Maybe I had to lose you to get that. And that’s what hurts. I couldn’t have both the person I deserved and the person I wanted coexisting in my heart, so one you had to go.
I think we both knew our time ran out like some hourglass that seemed to have so many pebbles, then it didn’t.
“Goodbye” wasn’t uttered. Everything just stopped.
Sometimes I look at him and I wonder will he ever know me the way you did? Will he ever take the time to learn every curve and every sharp edge? Will he be able to read the things I don’t say and know to ask if I’m okay?
Will he ask about my parents, and work to build relationships with them?
Will he grab my hand when I’m nervous? Will he hold me close and tell me he’s proud of me?

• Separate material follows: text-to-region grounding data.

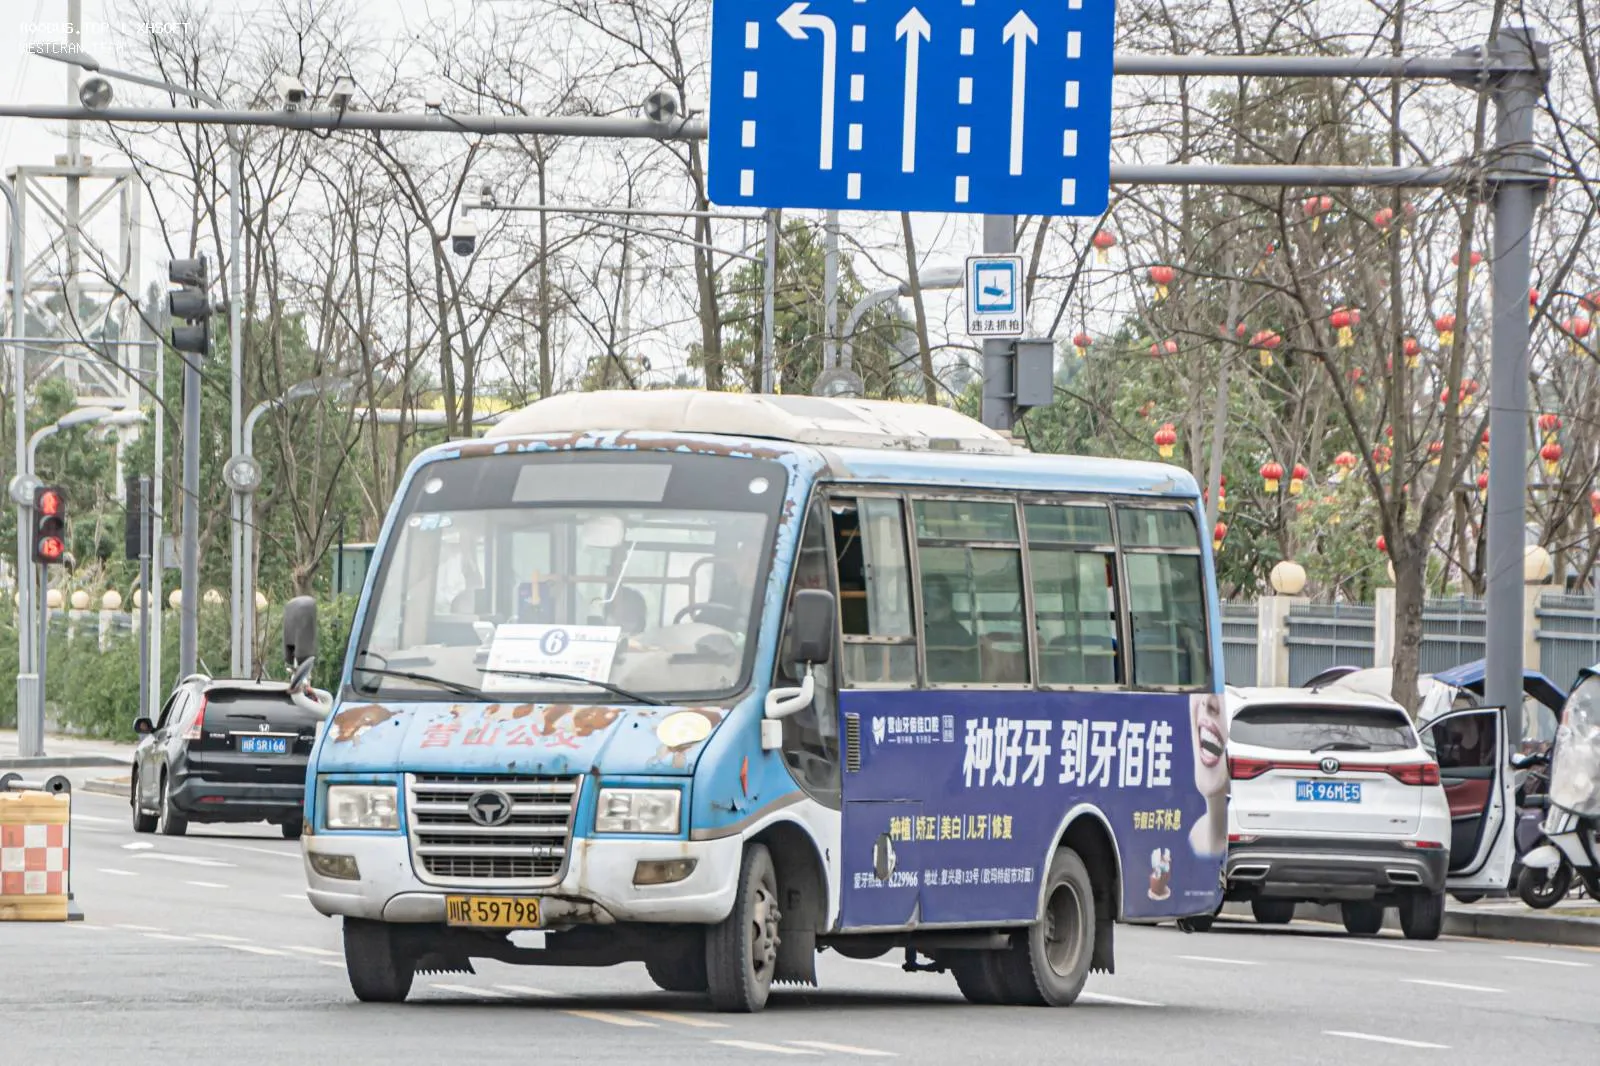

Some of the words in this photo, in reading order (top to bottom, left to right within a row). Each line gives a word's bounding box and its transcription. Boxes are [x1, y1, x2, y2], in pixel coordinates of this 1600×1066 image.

[972, 319, 1020, 332] 违法抓拍
[418, 722, 584, 750] 营山公交
[963, 717, 1053, 788] 种好牙
[1058, 720, 1173, 788] 到牙佰佳
[1133, 808, 1181, 831] 节假日不休息
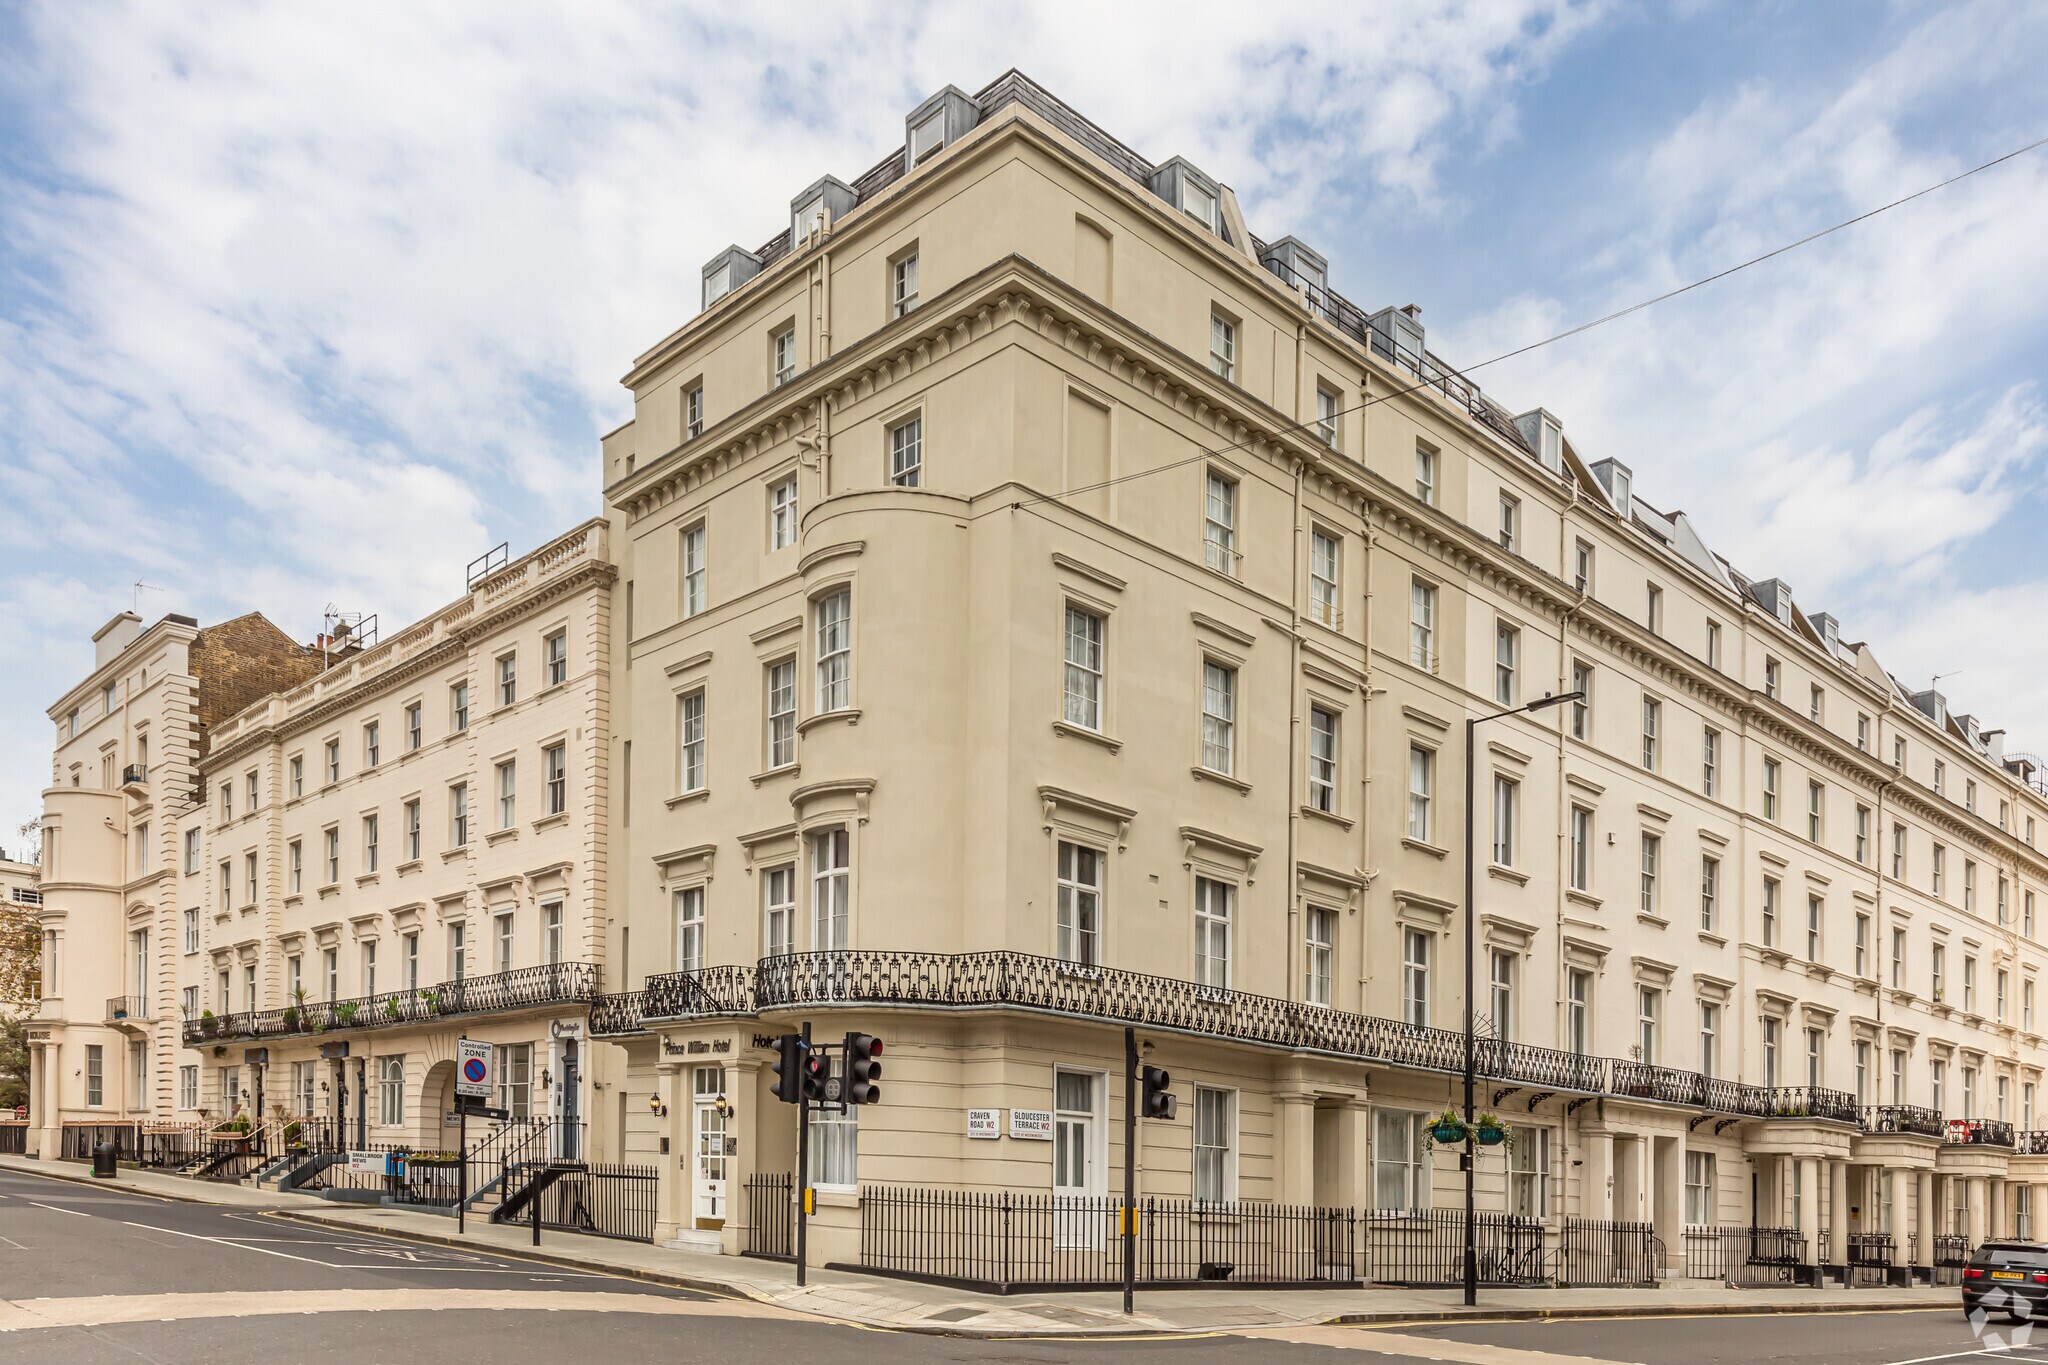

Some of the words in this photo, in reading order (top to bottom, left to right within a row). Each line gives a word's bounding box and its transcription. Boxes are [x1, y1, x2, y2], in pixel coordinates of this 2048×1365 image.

[460, 1041, 491, 1051] Controlled
[752, 1033, 780, 1049] Hote
[665, 1042, 685, 1056] Prince
[687, 1040, 710, 1054] William
[712, 1038, 732, 1053] Hotel
[464, 1049, 486, 1058] ZONE
[970, 1111, 990, 1120] CRAVEN
[1014, 1111, 1050, 1122] GLOUCESTER
[970, 1121, 984, 1129] ROAD
[986, 1121, 995, 1129] W2
[1014, 1120, 1040, 1130] TERRACE
[1041, 1122, 1050, 1131] W2
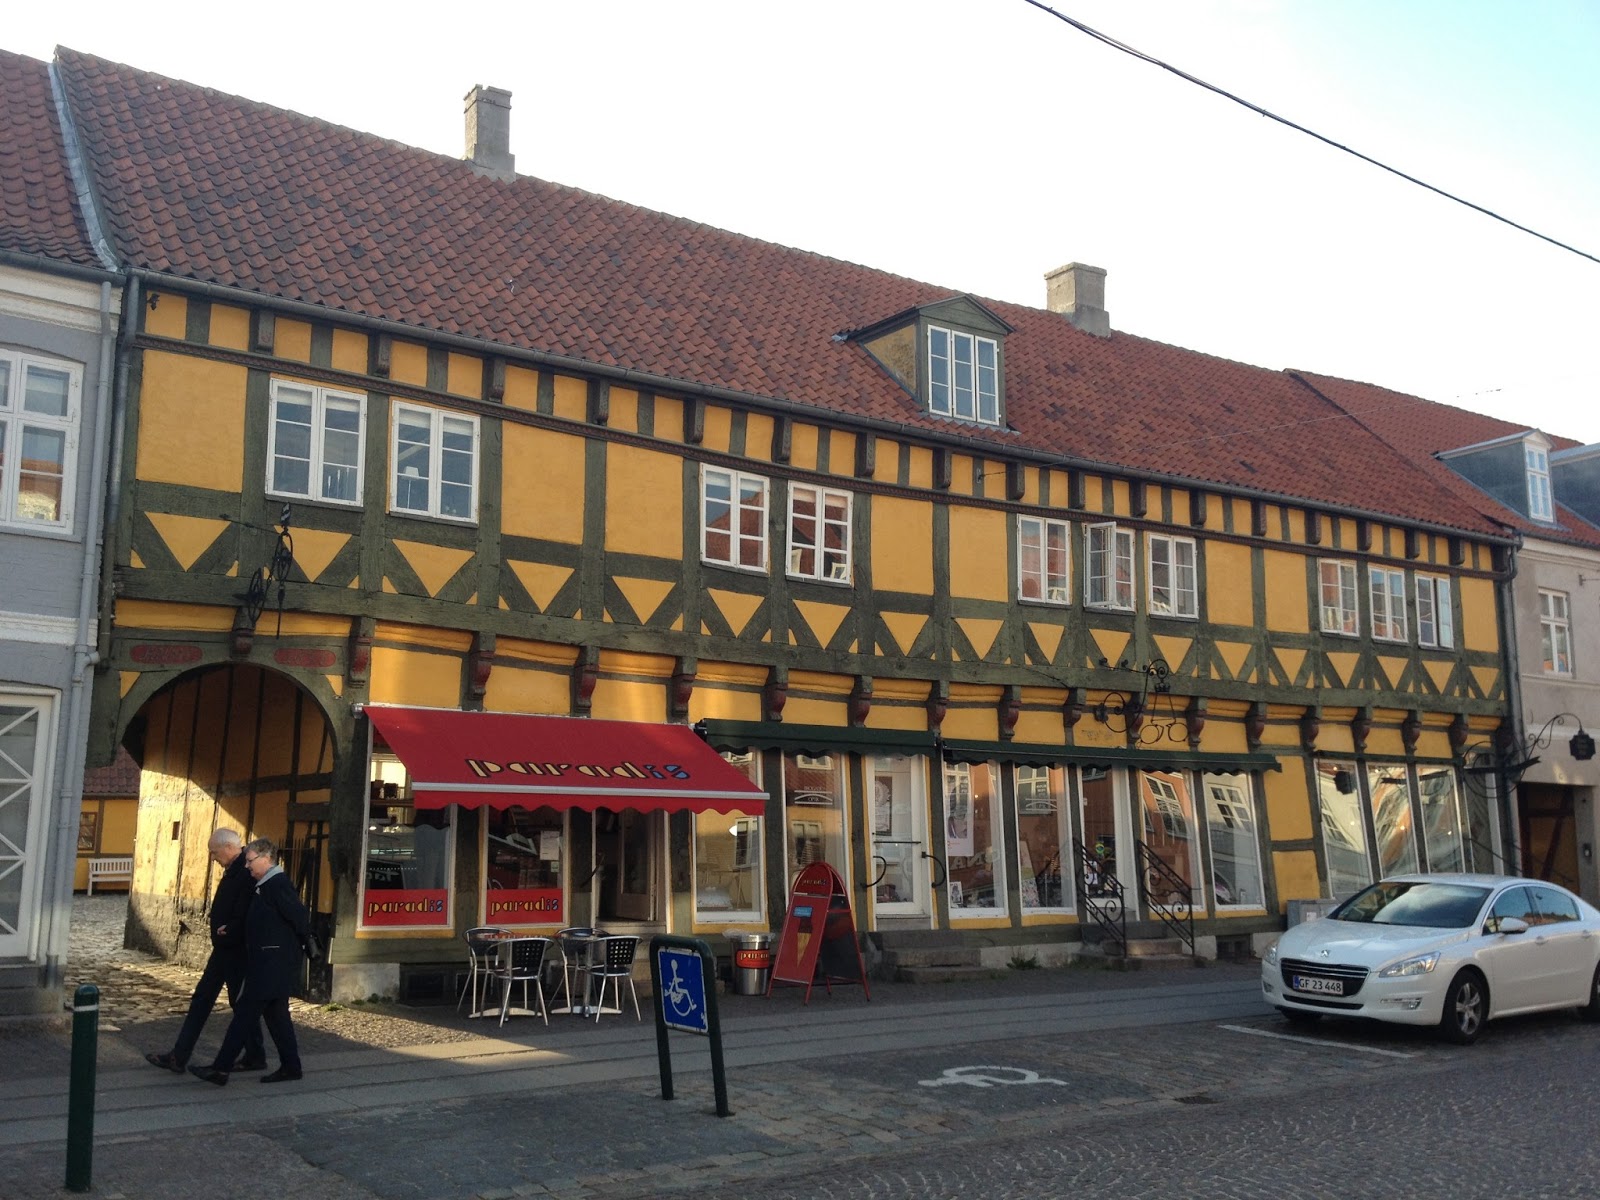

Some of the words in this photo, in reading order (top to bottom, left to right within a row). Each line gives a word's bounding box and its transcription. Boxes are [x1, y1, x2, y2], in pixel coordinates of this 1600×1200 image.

[465, 758, 691, 780] paradis
[368, 898, 444, 917] paradis
[490, 897, 559, 916] paradis
[1299, 978, 1310, 988] GF
[1312, 980, 1323, 990] 23
[1325, 981, 1342, 992] 448

Will he be the beers that go down like water, and will he know I like Bud better than Coors without even asking what I want to drink.
I don’t want him to be you, but there were parts of you I loved so deeply. Parts of you that changed every expectation I had in others after knowing you.
But part of me still misses you, even as I watch myself fall for someone new.
I reach for my phone and look at your name how casual and cordial our last conversation was so long ago. That was never us. We’d never tiptoe around what to say and when to say it. There were the talks at 2AM. Challenging each other. Pushing each other. Making each other better and believing in the other person more than ourselves sometimes. We were every first conversation in the day, never running out of things to say.
And now we can’t even say hello without it being awkward.
I’ve moved on and I don’t miss you like I used you but I have my moments. Moments where I want to tell you things. Moments where I want to know everything first and not find out about it across social media like everyone else. Moments where I realize sometimes the people you are closest to are the ones you grow farthest apart from.
Sometimes I wonder if it hurts you like it did me, or did I take the pain for both of us. The words “I love you” carelessly slipped out of my mouth, but I meant every word of it. And I would not take it back even if I could. You taught me what it was like to love again and for that, I’ll always be grateful for you.
Sometimes I wonder if you miss me too. Do you think of me every time you see the gift I got you, and do you still have it? Are there books you wish you could share? Songs where my memory stays with you? But most of all, my simplistic hope is that even for the moments we were in each other’s lives, I hope I made yours better. I hope I made you better. And I hope you’re happy. Because when we were a part of each other’s lives, the happiness you brought to mine, is hard to put into words. I look at my reflection and I see parts of you there embedded within me. And maybe that’s what it’s about taking someone with you, even long after they are gone.